WORK REQUIRED:
All records are to be transcribed in full; any pictures among them are to be skipped.
(PROVIDED DATA)
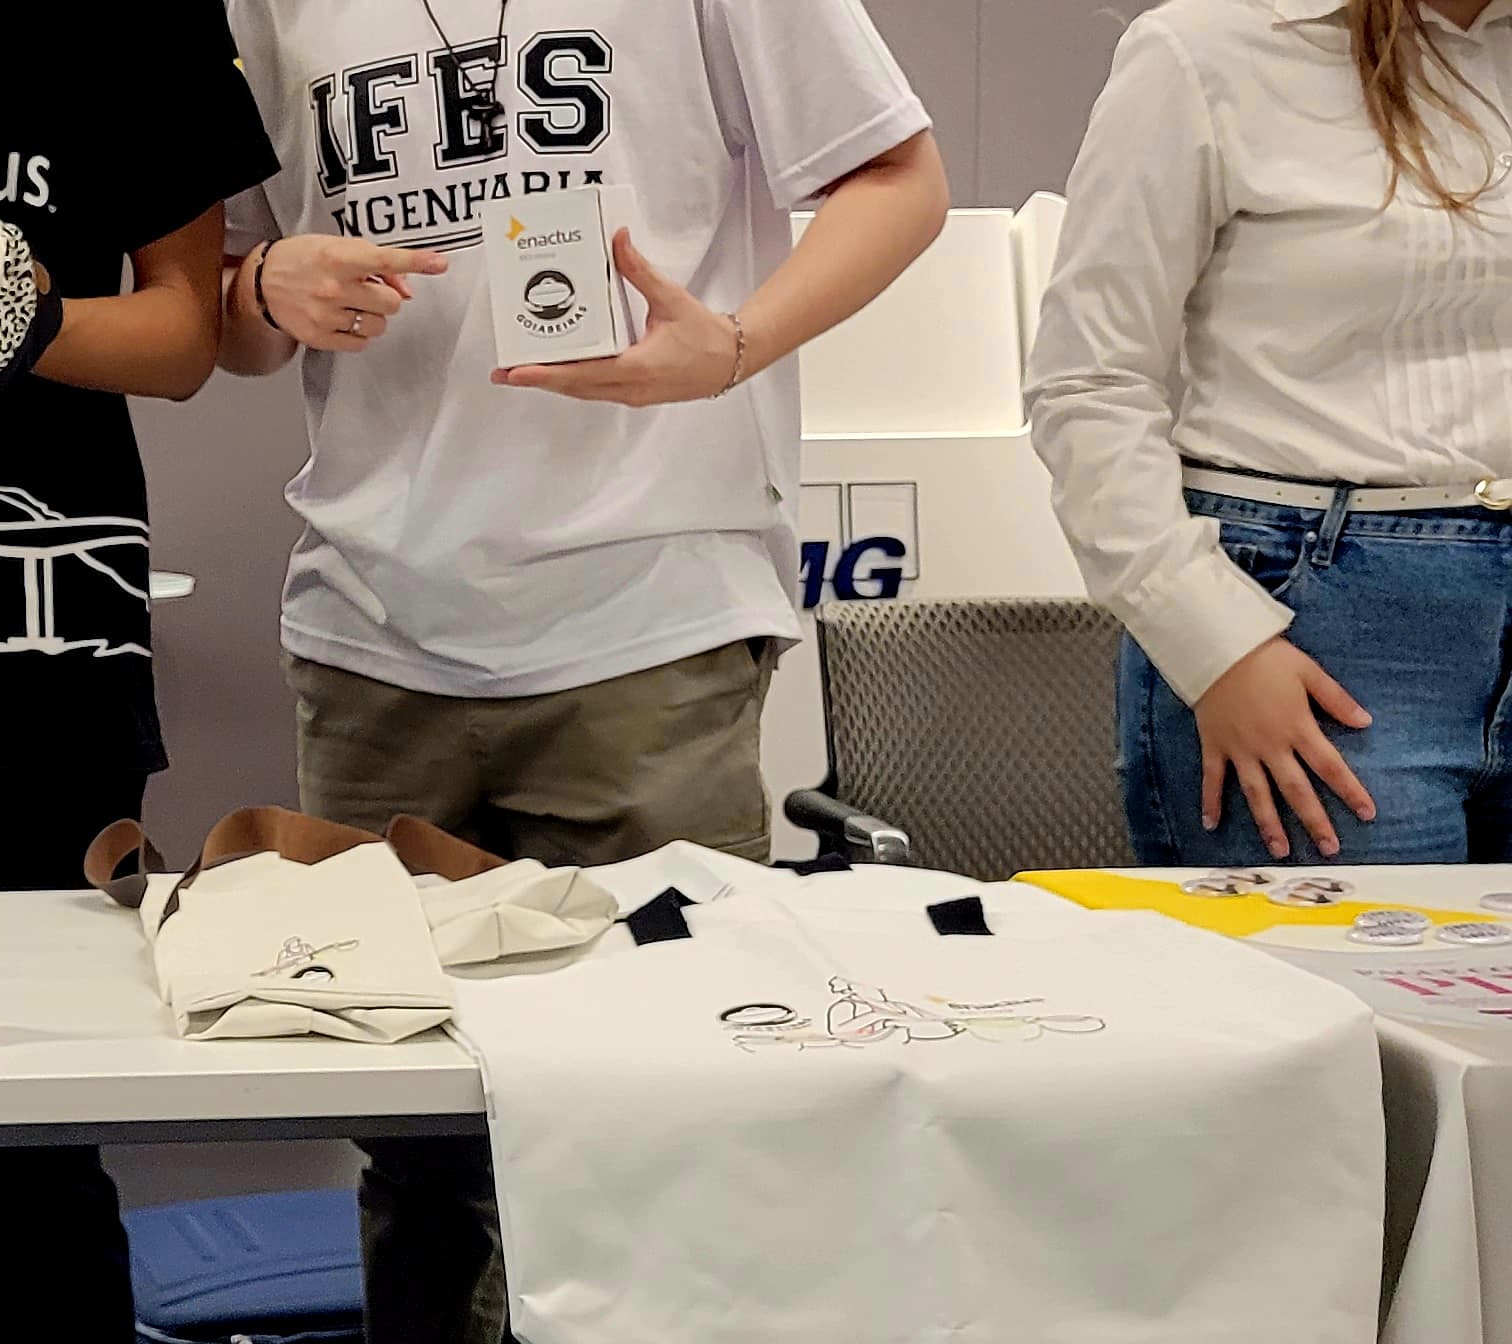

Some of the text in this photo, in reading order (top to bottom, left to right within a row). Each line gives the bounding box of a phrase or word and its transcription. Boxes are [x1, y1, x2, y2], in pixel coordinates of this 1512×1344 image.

[308, 29, 613, 198] IFES
[517, 229, 582, 250] enactus
[516, 305, 588, 334] GOIABEIRAS
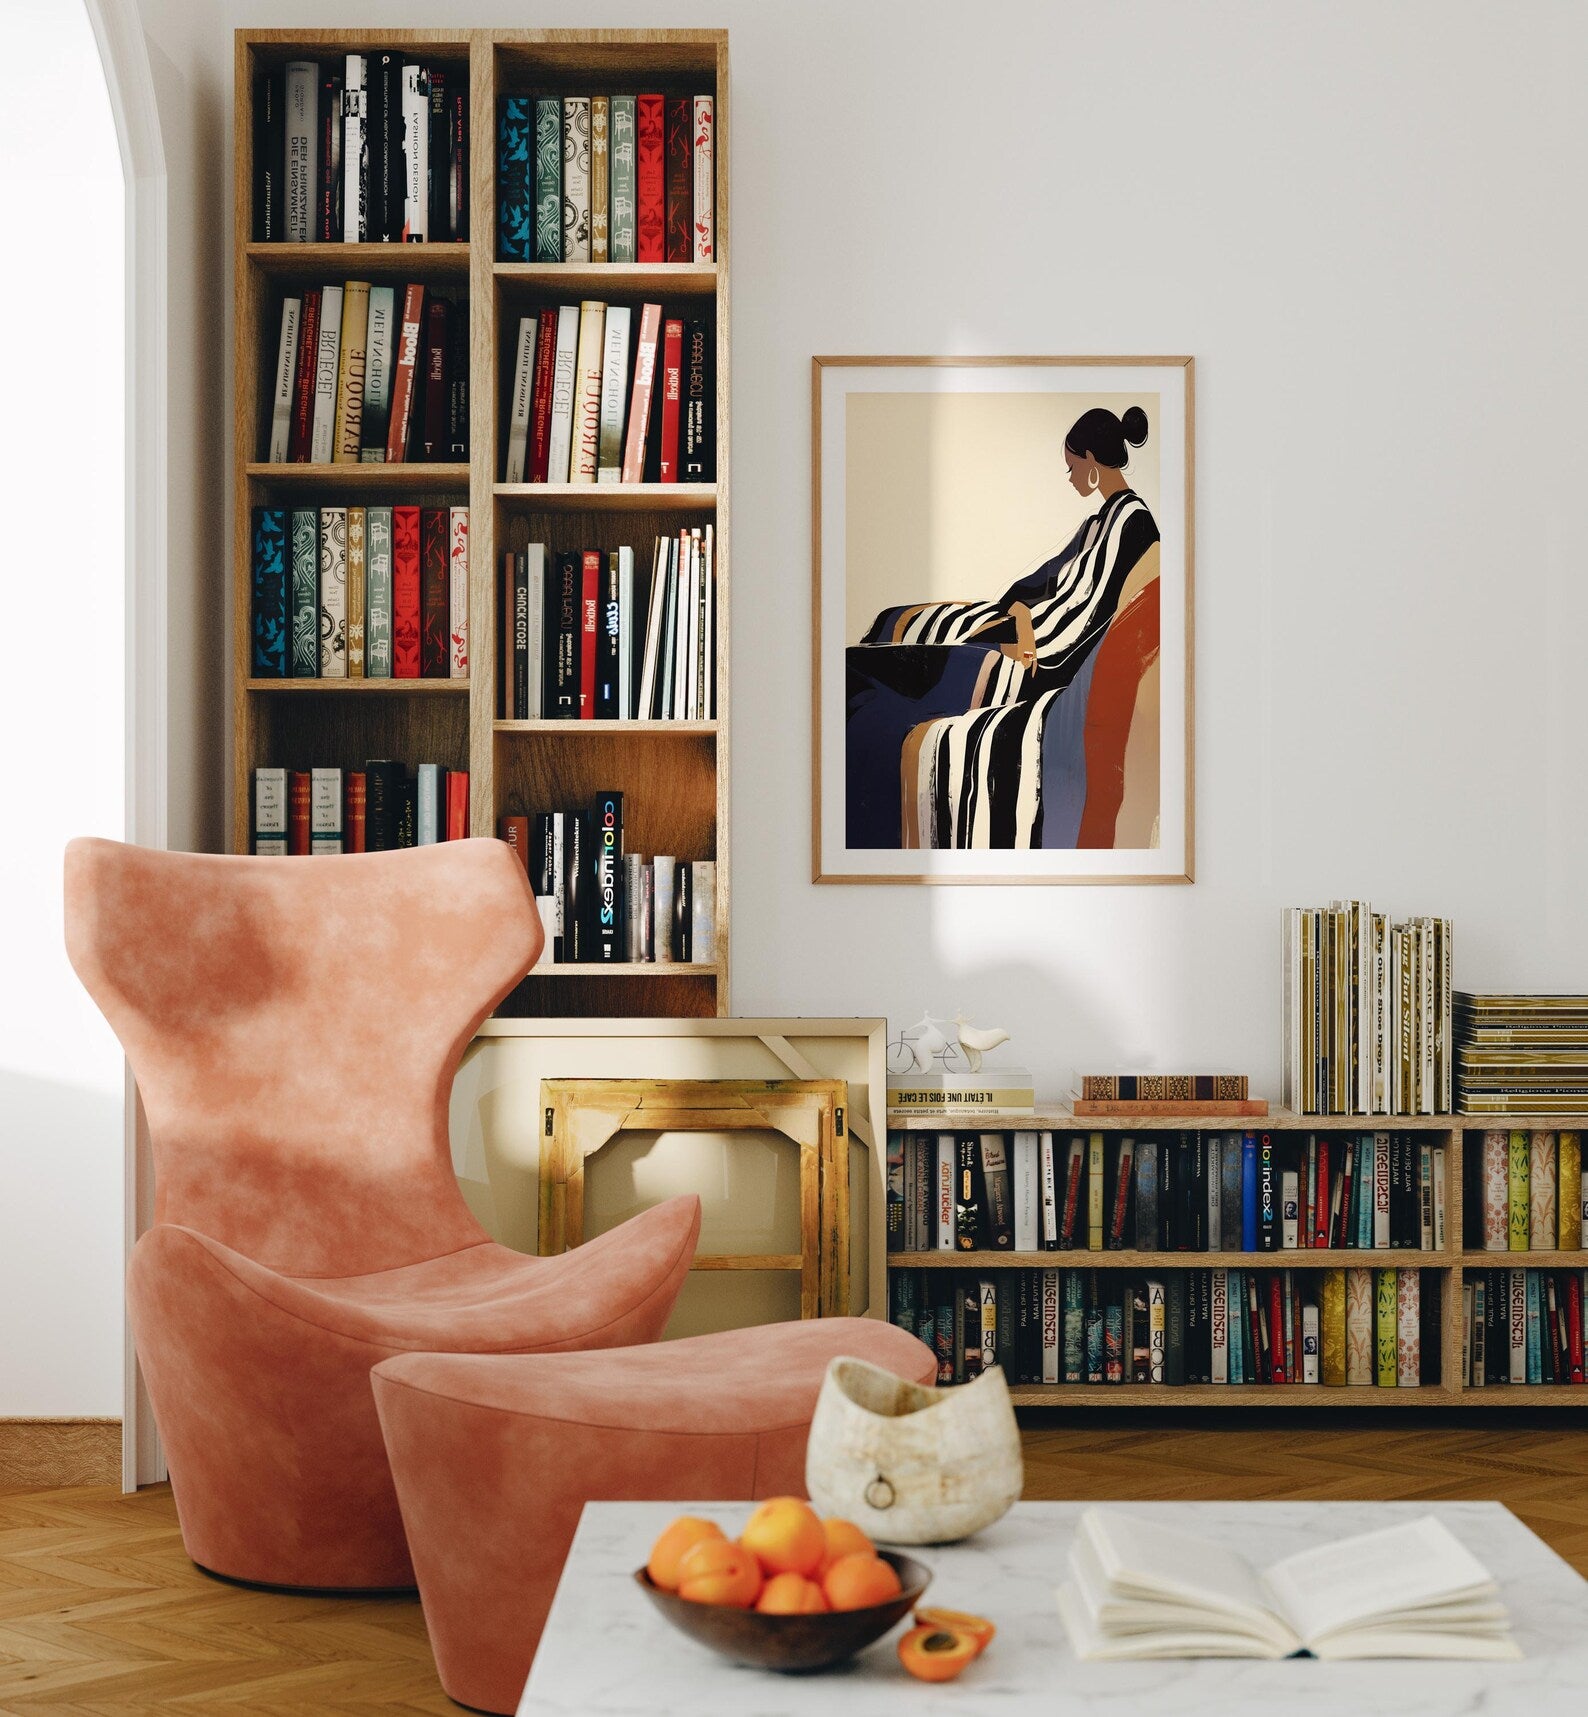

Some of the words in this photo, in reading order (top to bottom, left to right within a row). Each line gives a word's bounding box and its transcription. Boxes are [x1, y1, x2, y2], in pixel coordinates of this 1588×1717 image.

[1402, 1008, 1410, 1062] Silent
[898, 1092, 917, 1104] CAFÉ
[919, 1093, 928, 1103] LE
[929, 1092, 945, 1103] FOIS
[947, 1092, 962, 1102] UNE
[964, 1092, 984, 1104] ÉTAIT
[986, 1092, 992, 1102] IL
[966, 1141, 974, 1167] Shriek
[993, 1177, 1003, 1202] Margaret
[996, 1204, 1005, 1226] Atwood
(End PROVIDED DATA)
TASK OUTPUT:
Some of the text in this photo, in reading order (top to bottom, left to right within a row). Each line gives the bounding box of a phrase or word and its transcription. Boxes are [x1, y1, x2, y2], in pixel coordinates of this 1512×1344 image.

[308, 29, 613, 198] IFES
[517, 229, 582, 250] enactus
[516, 305, 588, 334] GOIABEIRAS

Some of the words in this photo, in reading order (top to bottom, left to right within a row). Each line gives a word's bounding box and its transcription. Boxes are [x1, y1, x2, y2], in pixel coordinates of this 1588×1717 image.

[1402, 1008, 1410, 1062] Silent
[898, 1092, 917, 1104] CAFÉ
[919, 1093, 928, 1103] LE
[929, 1092, 945, 1103] FOIS
[947, 1092, 962, 1102] UNE
[964, 1092, 984, 1104] ÉTAIT
[986, 1092, 992, 1102] IL
[966, 1141, 974, 1167] Shriek
[993, 1177, 1003, 1202] Margaret
[996, 1204, 1005, 1226] Atwood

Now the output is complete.